If I hadn't had my hands full, I think I would have sat back and laughed. Not that I didn't feel concerned for my safety, because believe me, I most certainly did. BUT the grunting, squealing, bronc like behavior was so uncharacteristic for this horse (and the breed from what I know) and his personality that it struck my funny bone somehow. I could see cartoon strip characterizations of his outburst flash through my brain as I grabbed at the reins trying to get control over my horse.
Had it been something that happened when I'd first gotten on the horse, I'd have been looking for physical causes, a burr under the saddle or a pinch somewhere. This behavior just made no sense to me so I pulled the horse around and spanked him, not knowing what else to do but my mind raced for an explanation and my heart felt like it was beating out of my chest. I had no idea why this was happening.

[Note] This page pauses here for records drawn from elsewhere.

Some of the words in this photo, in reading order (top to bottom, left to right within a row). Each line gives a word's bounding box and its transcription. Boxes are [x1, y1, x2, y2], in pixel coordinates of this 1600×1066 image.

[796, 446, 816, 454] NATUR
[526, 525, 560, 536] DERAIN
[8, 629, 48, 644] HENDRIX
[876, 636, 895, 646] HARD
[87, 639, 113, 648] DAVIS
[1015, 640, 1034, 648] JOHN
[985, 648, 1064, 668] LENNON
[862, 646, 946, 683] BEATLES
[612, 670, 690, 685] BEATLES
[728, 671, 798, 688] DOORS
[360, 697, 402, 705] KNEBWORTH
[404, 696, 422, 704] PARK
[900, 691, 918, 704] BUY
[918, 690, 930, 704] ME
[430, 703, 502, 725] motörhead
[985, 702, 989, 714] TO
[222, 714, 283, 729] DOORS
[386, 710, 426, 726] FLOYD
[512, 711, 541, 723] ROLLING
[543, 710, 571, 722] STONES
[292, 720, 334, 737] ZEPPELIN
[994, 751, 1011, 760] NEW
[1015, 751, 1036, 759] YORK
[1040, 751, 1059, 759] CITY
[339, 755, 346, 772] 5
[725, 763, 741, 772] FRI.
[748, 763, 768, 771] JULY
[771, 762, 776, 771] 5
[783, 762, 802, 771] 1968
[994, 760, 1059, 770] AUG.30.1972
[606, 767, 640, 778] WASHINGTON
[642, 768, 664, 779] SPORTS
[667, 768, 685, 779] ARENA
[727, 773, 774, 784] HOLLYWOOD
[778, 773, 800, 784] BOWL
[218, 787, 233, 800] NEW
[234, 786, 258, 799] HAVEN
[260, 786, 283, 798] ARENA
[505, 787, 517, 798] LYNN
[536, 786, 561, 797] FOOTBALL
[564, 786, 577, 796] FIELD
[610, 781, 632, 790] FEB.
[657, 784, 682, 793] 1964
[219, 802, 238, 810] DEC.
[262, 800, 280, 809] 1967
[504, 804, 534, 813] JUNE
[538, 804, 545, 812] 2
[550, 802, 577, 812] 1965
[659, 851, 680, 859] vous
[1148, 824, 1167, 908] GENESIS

This particular style, if you want to call it that, of protest by Storm was a one time only incident. There were no more four legged pounding jumps after this first time. It was not, however, the end of the outbursts by Storm and they were not restricted to right lead canter work. Any kind of canter work seemed to make me vulnerable to Storm's temper tantrums and I struggled trying to figure out what he was protesting.

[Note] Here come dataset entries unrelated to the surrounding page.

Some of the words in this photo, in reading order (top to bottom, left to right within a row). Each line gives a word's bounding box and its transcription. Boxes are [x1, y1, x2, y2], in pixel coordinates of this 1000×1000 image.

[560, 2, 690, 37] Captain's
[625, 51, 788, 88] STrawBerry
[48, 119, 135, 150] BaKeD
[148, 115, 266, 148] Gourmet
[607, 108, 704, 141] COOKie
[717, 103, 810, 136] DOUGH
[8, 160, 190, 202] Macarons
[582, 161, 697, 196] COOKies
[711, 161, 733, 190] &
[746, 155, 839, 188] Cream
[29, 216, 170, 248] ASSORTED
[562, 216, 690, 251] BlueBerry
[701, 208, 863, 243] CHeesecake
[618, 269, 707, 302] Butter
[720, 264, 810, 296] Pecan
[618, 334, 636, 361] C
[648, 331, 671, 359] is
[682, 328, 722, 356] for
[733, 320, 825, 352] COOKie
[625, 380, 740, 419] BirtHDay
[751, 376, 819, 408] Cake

Some days the ride would be just fine. Other days he would blow. When he did he might leap, shake his head, strike the ground with his front feet, buck or rear or any combination of those. It didn't seem to matter if we'd worked the day before or had a full week off. From what I could tell the outbursts were unpredictable. The only thing they seemed to have in common was canter work.

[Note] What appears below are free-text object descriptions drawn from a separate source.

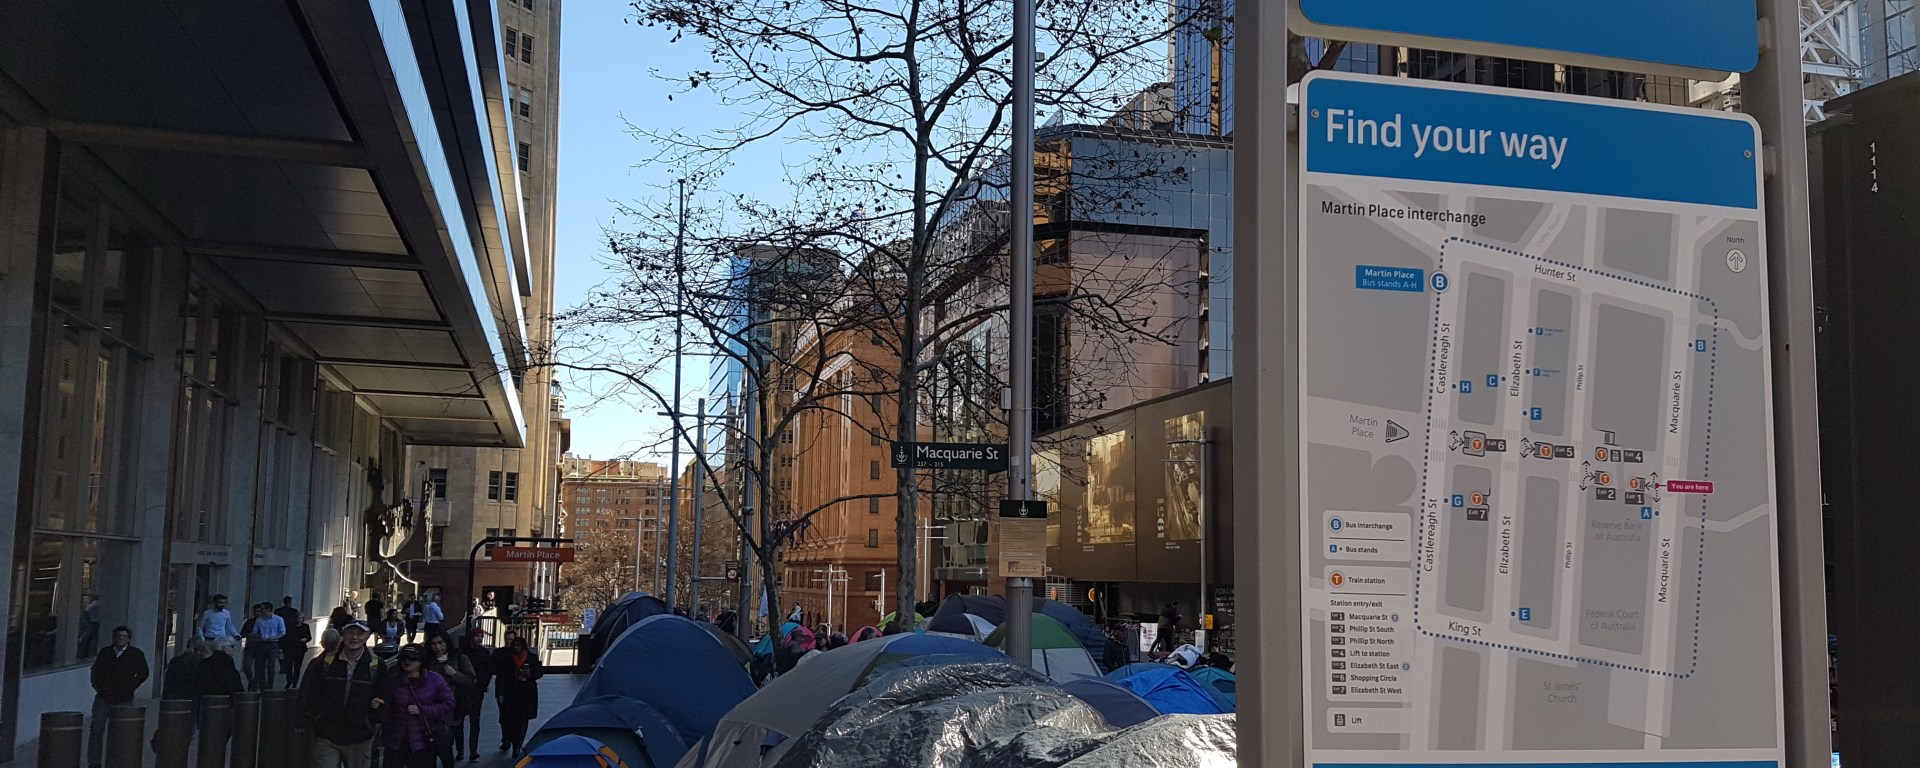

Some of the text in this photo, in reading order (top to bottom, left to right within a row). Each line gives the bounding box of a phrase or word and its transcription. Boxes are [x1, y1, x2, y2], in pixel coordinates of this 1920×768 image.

[1327, 108, 1568, 170] Find your way
[1321, 200, 1486, 227] Martin Place interchange
[1726, 235, 1745, 245] North
[1364, 268, 1415, 279] Martin Place
[1534, 263, 1576, 282] Hunter St
[1362, 279, 1376, 287] Bus
[1436, 277, 1444, 288] B
[1436, 322, 1451, 394] Castlereagh St
[1510, 340, 1523, 397] Elizabeth St
[1576, 372, 1585, 391] Phillip
[1462, 382, 1470, 392] H
[1670, 370, 1682, 434] Macquarie St
[1349, 414, 1378, 427] Martin
[1351, 427, 1374, 438] Place
[1498, 441, 1505, 451] 6
[916, 445, 999, 462] Macquarie St
[1566, 447, 1573, 457] 5
[1635, 452, 1642, 462] 4
[1607, 490, 1615, 499] 2
[1454, 496, 1462, 506] G
[1480, 510, 1486, 520] 7
[1358, 522, 1393, 530] interchange
[1424, 498, 1438, 572] Castlereagh St
[1606, 533, 1641, 542] Australia
[1499, 516, 1511, 574] Elizabeth St
[506, 550, 560, 560] Martin Place
[1565, 550, 1573, 568] Phillip
[1658, 538, 1671, 603] Macquarie St
[1364, 577, 1386, 585] station
[1349, 613, 1381, 621] Macquarie
[1521, 609, 1528, 619] E
[1349, 625, 1368, 633] Phillip
[1448, 621, 1482, 637] King St
[1601, 622, 1636, 631] Australia
[1349, 637, 1368, 646] Phillip
[1350, 674, 1379, 683] Shopping
[1350, 686, 1379, 694] Elizabeth
[1379, 686, 1386, 694] St
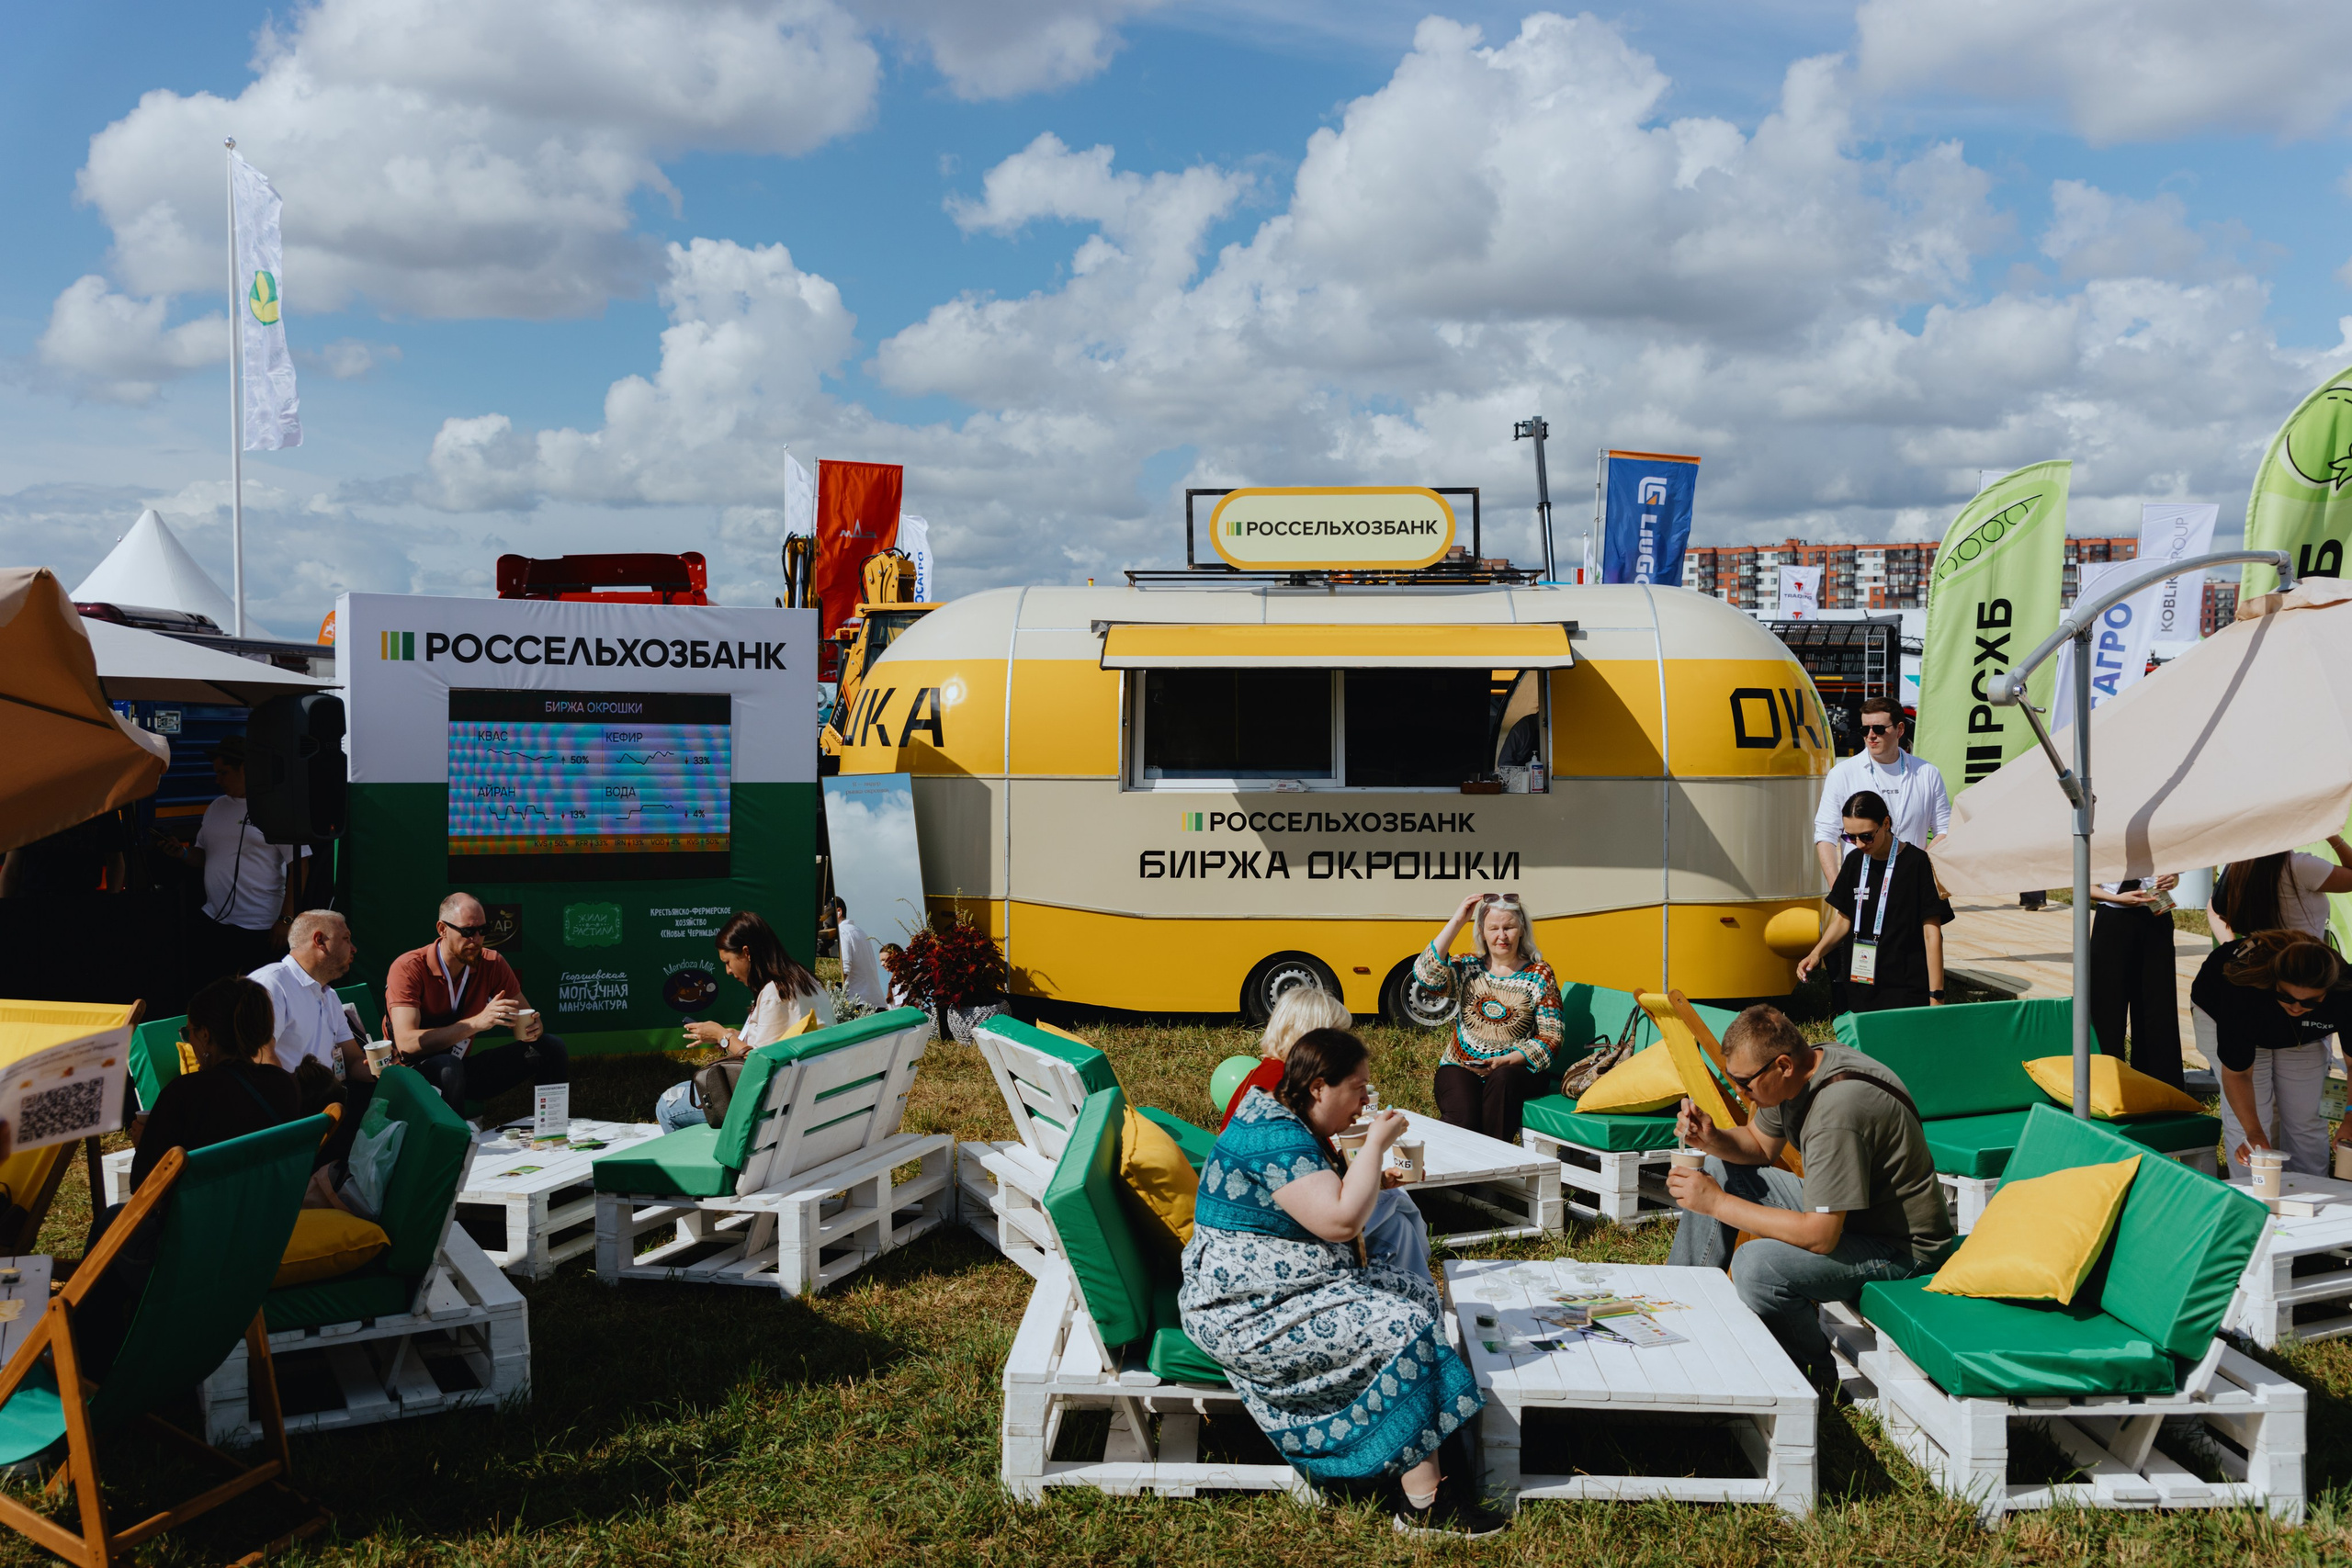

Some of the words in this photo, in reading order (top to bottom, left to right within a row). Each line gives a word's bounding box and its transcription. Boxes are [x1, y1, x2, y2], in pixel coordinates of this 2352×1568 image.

[1246, 519, 1438, 537] РОССЕЛЬХОЗБАНК
[2170, 517, 2189, 566] ROUP
[425, 632, 787, 671] РОССЕЛЬХОЗБАНК
[1968, 598, 2012, 734] РСХБ
[545, 701, 584, 714] БИРЖА
[587, 702, 643, 715] ОКРОШКИ
[478, 731, 508, 742] КВАС
[605, 732, 643, 743] КЕФИР
[571, 755, 589, 765] 50%
[693, 756, 710, 765] 33%
[478, 784, 516, 797] АЙРАН
[605, 787, 637, 799] ВОДА
[571, 810, 586, 819] 13%
[693, 809, 706, 818] 4%
[1210, 811, 1476, 833] РОССЕЛЬХОЗБАНК
[1139, 850, 1290, 880] БИРЖА
[1308, 850, 1521, 880] ОКРОШКИ
[650, 907, 731, 917] КРЕСТЬЯНСКО-ФЕРМЕРСКОЕ
[490, 919, 514, 932] АР
[675, 917, 707, 926] ХОЗЯЙСТВО
[662, 958, 698, 976] Mendoza
[699, 959, 716, 974] Milk
[559, 999, 628, 1012] МАНУФАКТУРА

I checked to see if the horse was sore or needed a chiropractor and nothing seemed to be wrong there. I looked at the training to see what might be there. Maybe I was asking too much so I tried to back off to see if that would help. Maybe the horse needed more smaller almost continuous releases like what I'd do with a "baby" horse. Nothing seemed to work. The intermittent outbursts continued.
When the Daffodil entries were due, my friend showed up at the park to get mine so we could all stable together. As she turned into the arena area she spotted me riding out one of Storm's outbursts. When she got up to where we were schooling she remarked about how naughty Storm was being. Even though I had told her about the trouble I was having, she was not prepared for what she saw. Her reaction was something of an eye opener to me.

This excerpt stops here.